### Task brief
Only the records, exactly as written, belong in the answer; pictures do not.

### Stored dataset items
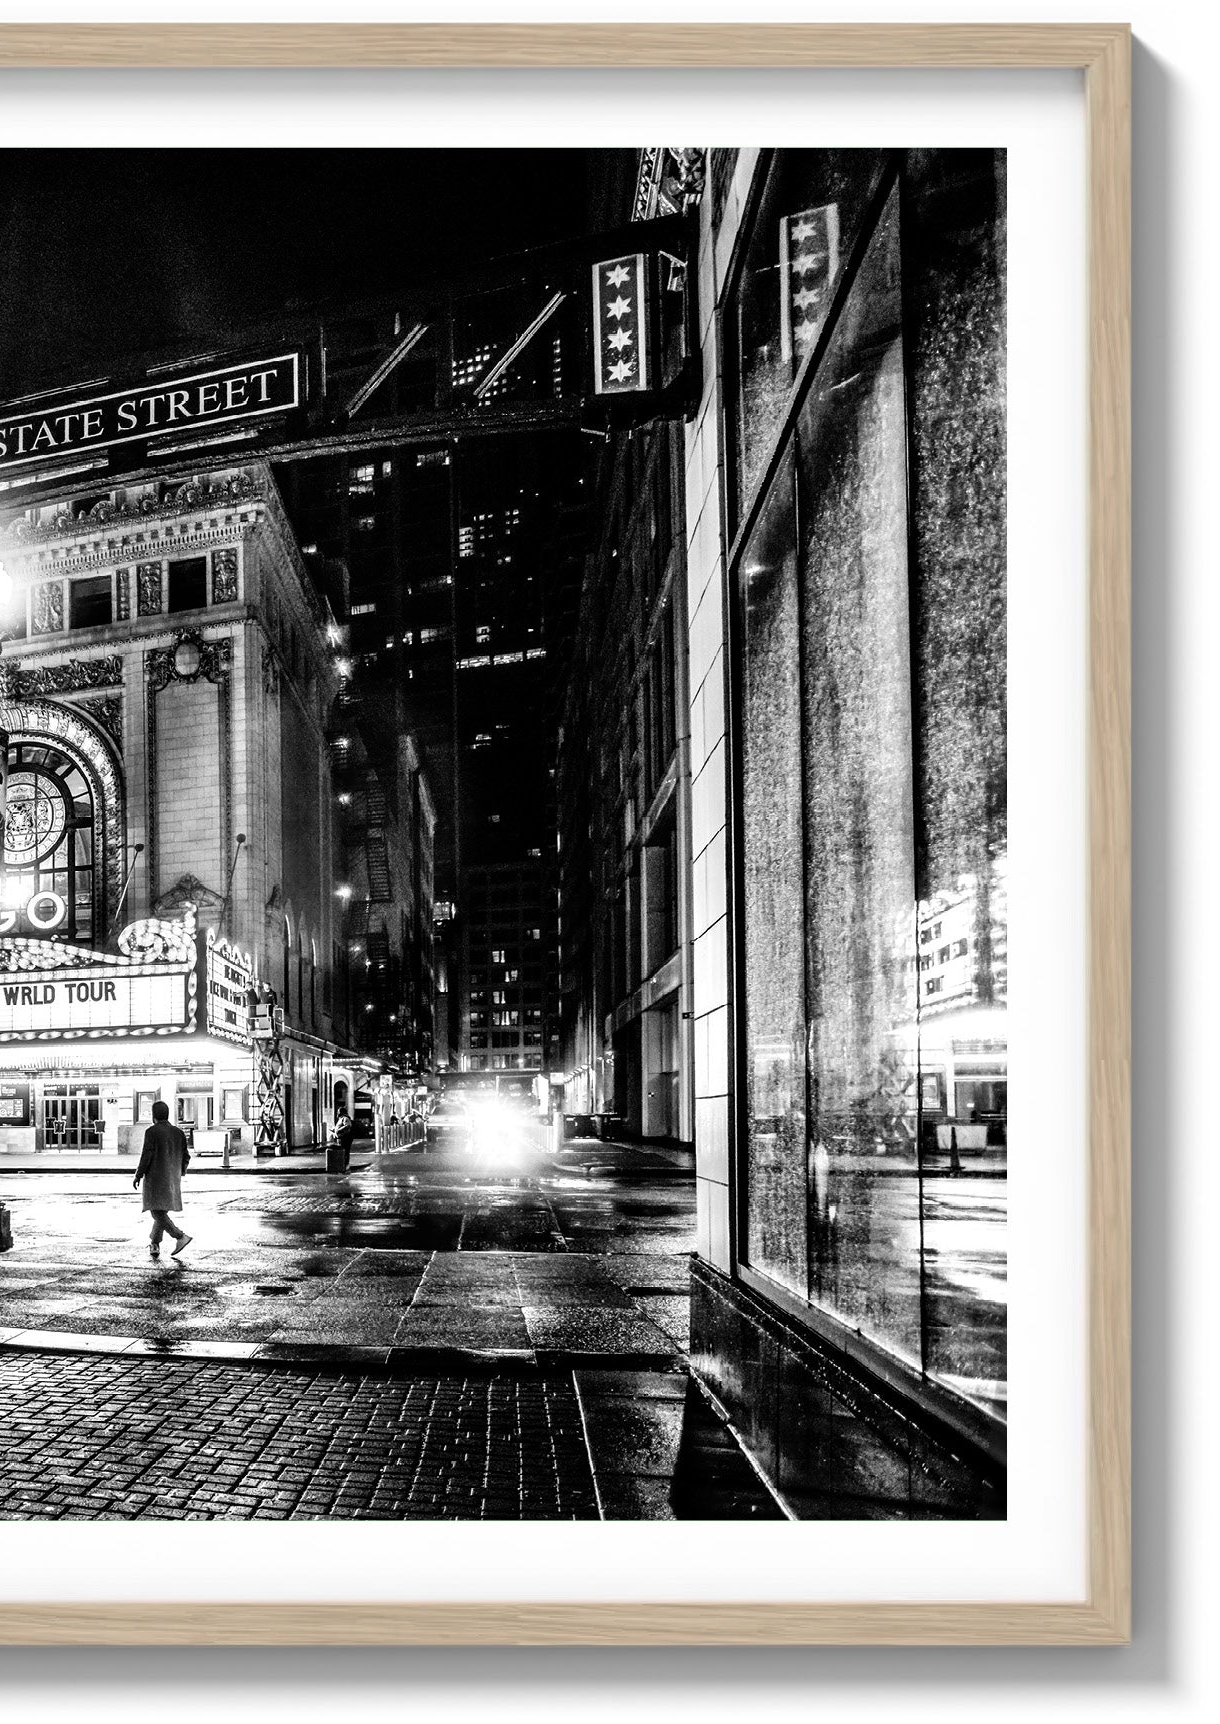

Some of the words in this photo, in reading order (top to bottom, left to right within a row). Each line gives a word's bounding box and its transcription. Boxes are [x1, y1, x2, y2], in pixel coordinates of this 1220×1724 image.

[117, 369, 278, 432] STREET
[3, 984, 56, 1006] WRLD
[64, 980, 117, 1004] TOUR
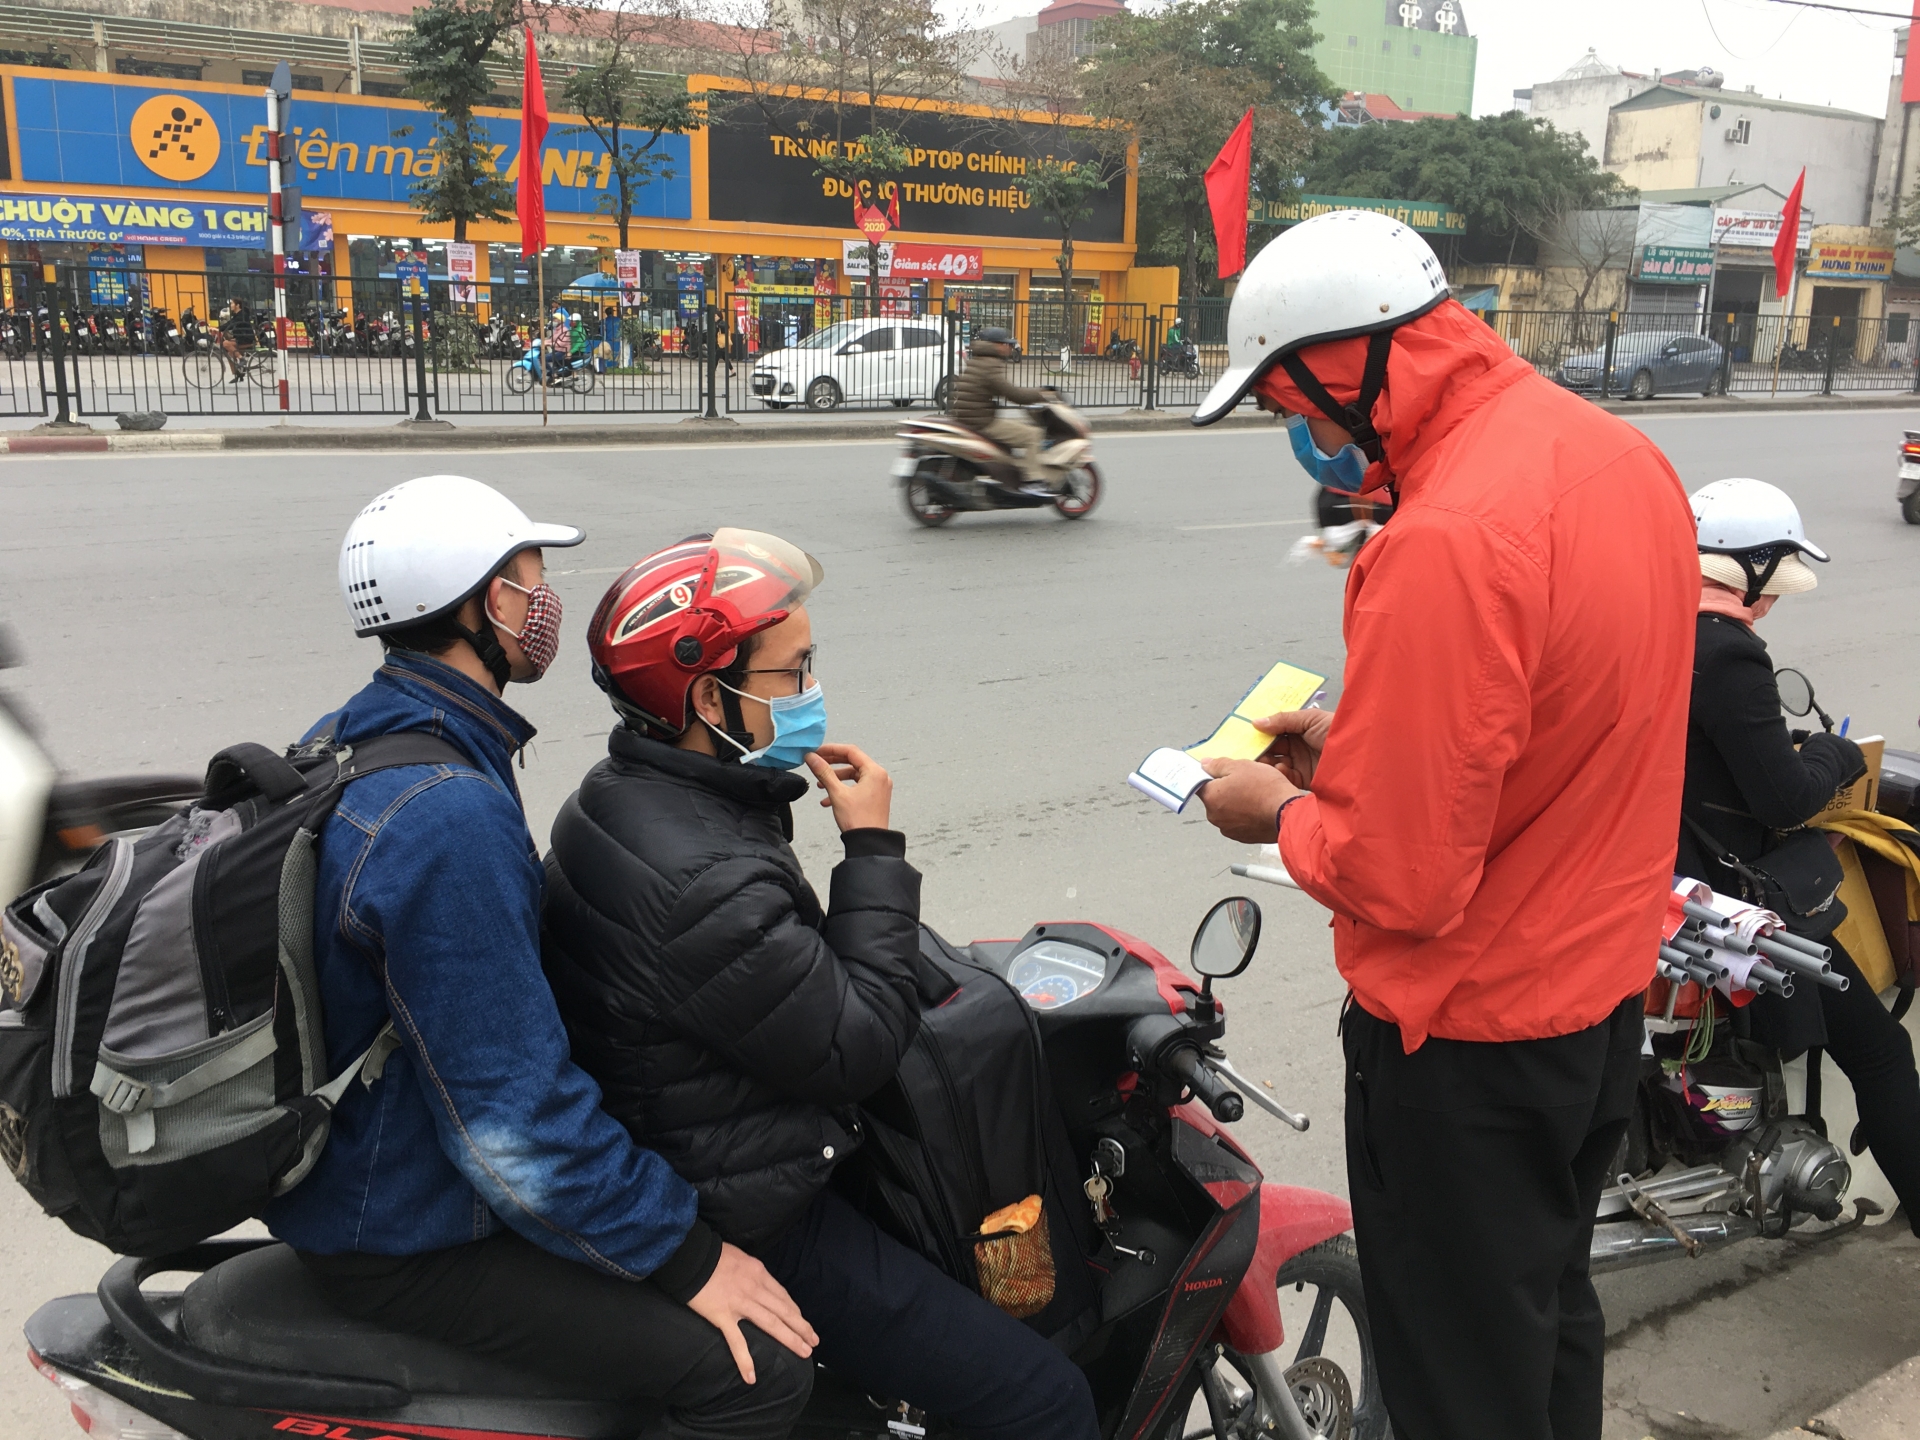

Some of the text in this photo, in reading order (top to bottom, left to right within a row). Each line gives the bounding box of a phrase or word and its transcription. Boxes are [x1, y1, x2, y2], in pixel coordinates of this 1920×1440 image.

[240, 124, 359, 179] Đện
[364, 138, 450, 177] má
[770, 135, 838, 159] TRUNG
[899, 147, 963, 170] APTOP
[967, 150, 1026, 175] CHÍNH
[903, 182, 984, 207] THƯƠNG
[988, 185, 1032, 214] HIỆU
[0, 197, 95, 229] HUỘT
[101, 201, 195, 229] VÀNG
[203, 209, 218, 230] 1
[1412, 209, 1439, 228] NAM
[1445, 211, 1466, 230] VPC
[57, 229, 106, 241] TRƯỚC
[863, 222, 886, 232] 2020
[288, 261, 299, 269] LG
[893, 257, 920, 270] Giảm
[921, 258, 937, 271] sốc
[1642, 258, 1662, 273] SÀN
[1675, 260, 1695, 275] LÂM
[1821, 259, 1886, 274] HƯNG THỊNH
[674, 586, 689, 604] 9
[629, 608, 647, 627] HELMET
[1184, 1277, 1223, 1291] HONDA
[272, 1416, 412, 1440] BL

### Result
Some of the words in this photo, in reading order (top to bottom, left to right within a row). Each line gives a word's bounding box and its transcription. Boxes are [x1, y1, x2, y2], in pixel coordinates of this 1220×1724 image.

[117, 369, 278, 432] STREET
[3, 984, 56, 1006] WRLD
[64, 980, 117, 1004] TOUR

Some of the text in this photo, in reading order (top to bottom, left to right within a row). Each line gives the bounding box of a phrase or word and its transcription. Boxes are [x1, y1, x2, y2], in pixel coordinates of this 1920×1440 image.

[240, 124, 359, 179] Đện
[364, 138, 450, 177] má
[770, 135, 838, 159] TRUNG
[899, 147, 963, 170] APTOP
[967, 150, 1026, 175] CHÍNH
[903, 182, 984, 207] THƯƠNG
[988, 185, 1032, 214] HIỆU
[0, 197, 95, 229] HUỘT
[101, 201, 195, 229] VÀNG
[203, 209, 218, 230] 1
[1412, 209, 1439, 228] NAM
[1445, 211, 1466, 230] VPC
[57, 229, 106, 241] TRƯỚC
[863, 222, 886, 232] 2020
[288, 261, 299, 269] LG
[893, 257, 920, 270] Giảm
[921, 258, 937, 271] sốc
[1642, 258, 1662, 273] SÀN
[1675, 260, 1695, 275] LÂM
[1821, 259, 1886, 274] HƯNG THỊNH
[674, 586, 689, 604] 9
[629, 608, 647, 627] HELMET
[1184, 1277, 1223, 1291] HONDA
[272, 1416, 412, 1440] BL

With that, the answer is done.